At this stage, chromosomes are aligned along the equatorial plane of the cell (Fig. 5, A and E) and are surrounded by the spindle apparatus (Fig. 5, B and F). In both wild-type and trs120 mutant cells, KNOLLE-positive vesicles were distributed throughout the cell (Fig. 5, C and G). We did not notice any difference in the abundance or appearance of vesicles between the mutant and wild type at this stage.

Late Anaphase

At the end of anaphase, once the daughter chromosomes have been brought to opposite poles of the cell (Fig. 5, I and M), the spindle apparatus disintegrates and phragmoplast microtubules can be seen to form two bands at the cell equator (Fig. 5, J and N).

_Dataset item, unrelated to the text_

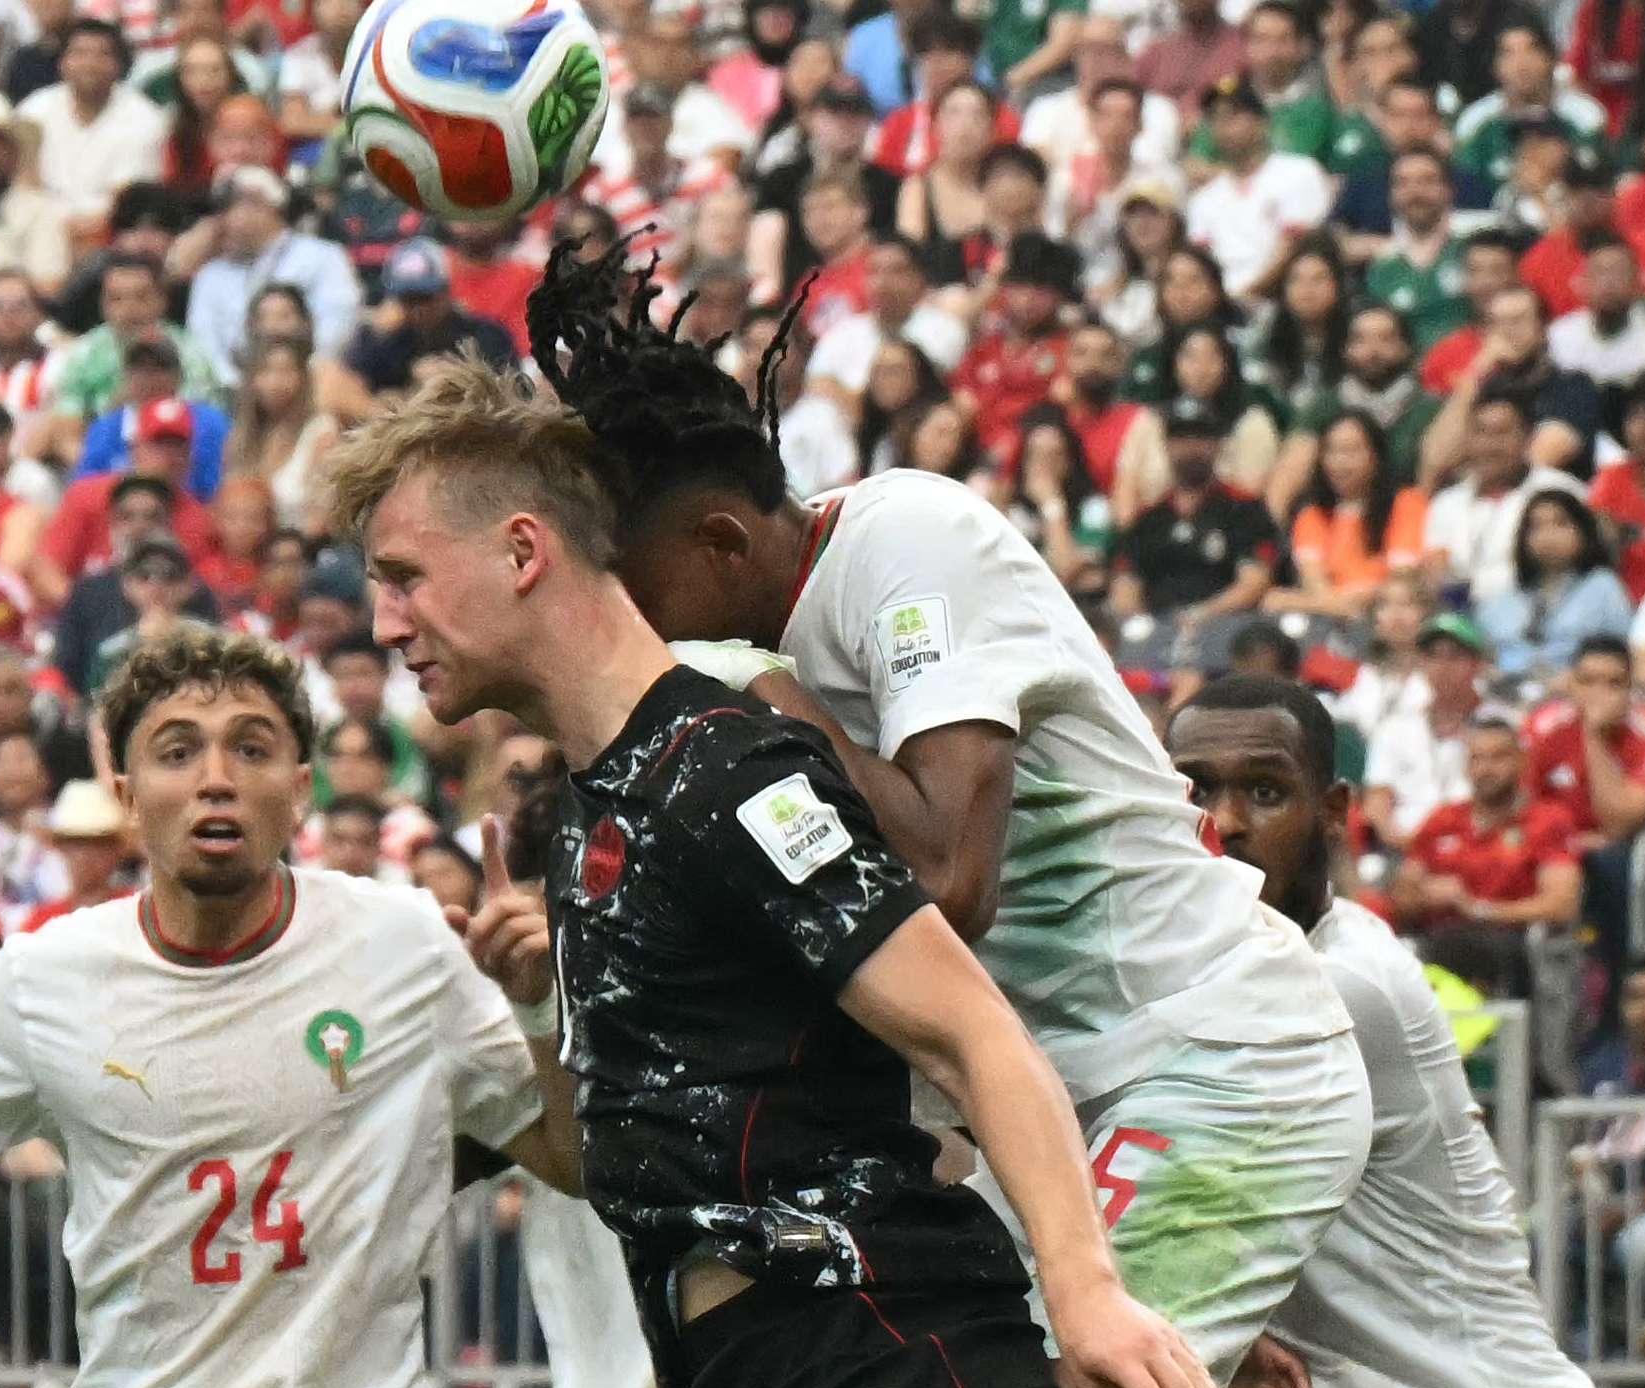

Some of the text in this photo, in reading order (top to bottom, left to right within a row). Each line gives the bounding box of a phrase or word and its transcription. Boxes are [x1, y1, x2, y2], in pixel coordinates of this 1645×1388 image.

As of this stage, the wild type and mutant differ. Indeed, 87.8% of wild-type cells but only 11.9% to 12.5% of mutant cells had a fully assembled cell plate (Fig. 5K) at this stage. In the mutant cells, the cell plate was entirely missing, abnormally thin, or patchily assembled (Table IV). The failure to assemble a cell plate correlated with the presence of loose vesicles that could be seen at the equator of trs120 cells (Fig. 5O; Table IV).

Telophase

Telophase cells were identified based on a DAPI stain showing an ovoid nucleus in which the DNA is decondensed and the nucleoli are visible (Fig. 5, Q and U), together with the presence of a phragmoplast in which the microtubules had depolymerized from the middle and repolymerized at the leading edges (Fig. 5, R and V). A total of 91.6% of wild-type telophase cells (Fig. 5S) but only 5.9% to 14.6% of trs120 mutant cells had formed a complete cell plate by this stage (Table IV). A cloud of loose vesicles could be seen at the equator in more than 90% of the mutant cells (Fig. 5W), but we scored vesicles as being abundant in only 1.4% of wild-type cells (Table IV).

Conclusion

In wild-type cells, cell plate formation was complete by late anaphase. In contrast, in trs120 mutants, cell plate assembly was impaired and untethered or unfused vesicles were abundant at the cell equator throughout cytokinesis.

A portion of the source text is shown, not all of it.